As per the ORA, the village operator retains around 20% to 30% of the initial capital as a deferred management fee, which covers the maintenance of communal areas and resources, property renovation once the licence ends, and other financial costs.

  • Periodic Fees

Residents will also pay periodic fees to cover daily operating expenses like staff wages, insurance, grounds maintenance, and village services. The fee amount may vary, so you must ask the village manager for details. 

Pros of living in a retirement village

Living in a retirement village is definitely a trend for seniors looking to get the care they need at this stage of life. Here are some advantages of living in a retirement community:

  • Community living – The strength of retirement living lies in its community, which allows the elderly to enjoy companionship and share an active lifestyle, instead of feeling isolated. After all, they can share the different amenities these villages offer with other residents.
  • Convenience – Locations often are accessible to public transport, shopping centres as well as health care, lifestyle, and community facilities.
  • Save time on chores – Retirement village accommodation is low-maintenance, which means less cleaning! Many villages also offer home care support, which comes at extra cost. You may find you are eligible for home care support from the government… Good luck with that.
  • Onsite support services – When you reach a point where you need extra care in daily life, a retirement village has skilled nurses and the amenities you need onsite.
  • Safety – Most retirement communities are gated and guarded, so you can rest assured your home is safe. If you go away the village operator takes care of your home. Retirement units also usually don’t have stairs, so it is easy for elders to move around.
  • Flexibility – Most communities offer independent living units while providing important services for residents of every age.

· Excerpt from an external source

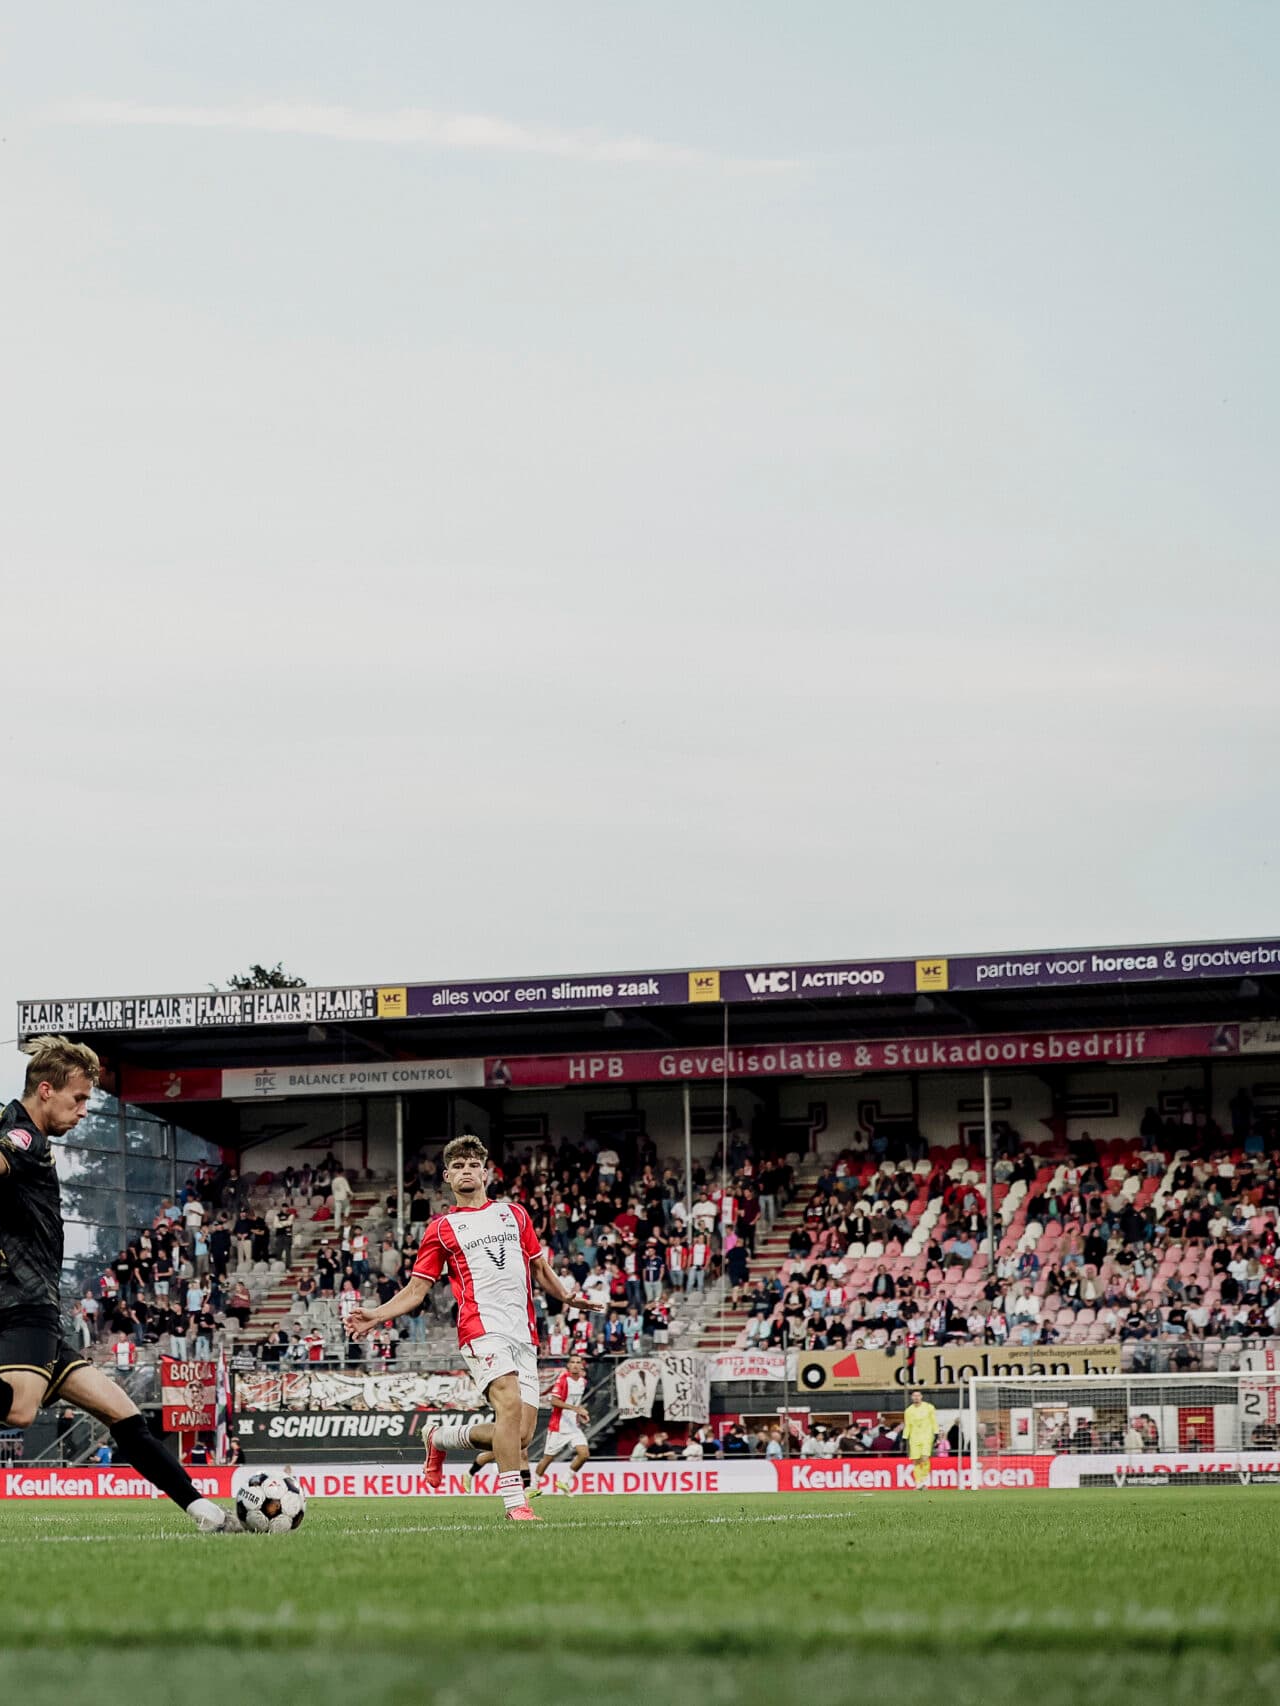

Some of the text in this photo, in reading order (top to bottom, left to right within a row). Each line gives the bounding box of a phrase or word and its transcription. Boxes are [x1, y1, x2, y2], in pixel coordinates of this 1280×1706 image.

Aged care can also be more easily arranged, and some retirement villages are right next to a residential care home.

Cons of living in a retirement village

There are also drawbacks of staying in a retirement village:

  • Relocating – Moving far away from family and friends to live in a retirement village can be a hard decision to make.
  • No young people – Residents of the community are aged 55 and over, so it would be hard for those who got used to living in a mixed social environment to move to a nursing home.
  • Downsizing – While many people would love to downsize after a certain age, some people don’t feel right about staying in a smaller space. Nevertheless, people who travel often consider their retirement home a ‘lock-and-go’ house which is easy to maintain.
  • Cost – Nursing homes charge monthly fees to cover their running costs such as maintenance of facilities, staff wage, utility bills, and insurances. This can be costly for some.
  • Homeownership – Instead of owning their property, those who live in retirement villages only get occupancy rights, including access to offered services and resources.

Plan your retirement

Living in retirement villages certainly comes with plenty of benefits for seniors. However, considering all pros and cons before making a decision and signing a contract for a retirement village is the best way to plan for your retirement.